[Free-text object descriptions]
-=-=-=-=-

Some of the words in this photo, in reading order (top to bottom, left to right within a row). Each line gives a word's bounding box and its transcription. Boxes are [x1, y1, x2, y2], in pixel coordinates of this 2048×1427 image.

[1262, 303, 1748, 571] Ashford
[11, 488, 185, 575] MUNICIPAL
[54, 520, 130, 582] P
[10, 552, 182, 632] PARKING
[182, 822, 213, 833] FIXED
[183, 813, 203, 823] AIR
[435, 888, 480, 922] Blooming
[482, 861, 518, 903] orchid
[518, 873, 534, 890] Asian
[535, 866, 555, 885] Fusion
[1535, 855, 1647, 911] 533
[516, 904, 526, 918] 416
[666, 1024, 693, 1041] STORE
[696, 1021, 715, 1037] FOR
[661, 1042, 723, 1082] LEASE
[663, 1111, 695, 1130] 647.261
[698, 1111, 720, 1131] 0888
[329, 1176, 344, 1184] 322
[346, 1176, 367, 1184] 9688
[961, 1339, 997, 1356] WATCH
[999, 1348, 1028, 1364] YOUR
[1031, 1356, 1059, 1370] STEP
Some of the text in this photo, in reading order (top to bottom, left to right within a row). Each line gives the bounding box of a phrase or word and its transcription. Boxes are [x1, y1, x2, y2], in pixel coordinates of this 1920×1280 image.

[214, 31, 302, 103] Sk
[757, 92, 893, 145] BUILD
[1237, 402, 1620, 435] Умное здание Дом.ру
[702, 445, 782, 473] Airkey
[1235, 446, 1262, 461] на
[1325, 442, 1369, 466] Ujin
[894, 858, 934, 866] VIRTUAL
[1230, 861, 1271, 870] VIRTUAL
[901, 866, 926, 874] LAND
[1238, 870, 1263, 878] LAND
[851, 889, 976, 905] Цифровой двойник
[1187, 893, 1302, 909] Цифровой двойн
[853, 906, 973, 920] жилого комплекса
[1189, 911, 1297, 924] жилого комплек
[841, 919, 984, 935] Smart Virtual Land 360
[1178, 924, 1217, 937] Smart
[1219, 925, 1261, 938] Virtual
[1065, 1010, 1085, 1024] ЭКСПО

-=-=-=-=-

Task to complete: Retype exactly, please, each line from the line that contains "Some of the text" through the last line of the entries above, with nothing added.

Completed exercise:
Some of the text in this photo, in reading order (top to bottom, left to right within a row). Each line gives the bounding box of a phrase or word and its transcription. Boxes are [x1, y1, x2, y2], in pixel coordinates of this 1920×1280 image.

[214, 31, 302, 103] Sk
[757, 92, 893, 145] BUILD
[1237, 402, 1620, 435] Умное здание Дом.ру
[702, 445, 782, 473] Airkey
[1235, 446, 1262, 461] на
[1325, 442, 1369, 466] Ujin
[894, 858, 934, 866] VIRTUAL
[1230, 861, 1271, 870] VIRTUAL
[901, 866, 926, 874] LAND
[1238, 870, 1263, 878] LAND
[851, 889, 976, 905] Цифровой двойник
[1187, 893, 1302, 909] Цифровой двойн
[853, 906, 973, 920] жилого комплекса
[1189, 911, 1297, 924] жилого комплек
[841, 919, 984, 935] Smart Virtual Land 360
[1178, 924, 1217, 937] Smart
[1219, 925, 1261, 938] Virtual
[1065, 1010, 1085, 1024] ЭКСПО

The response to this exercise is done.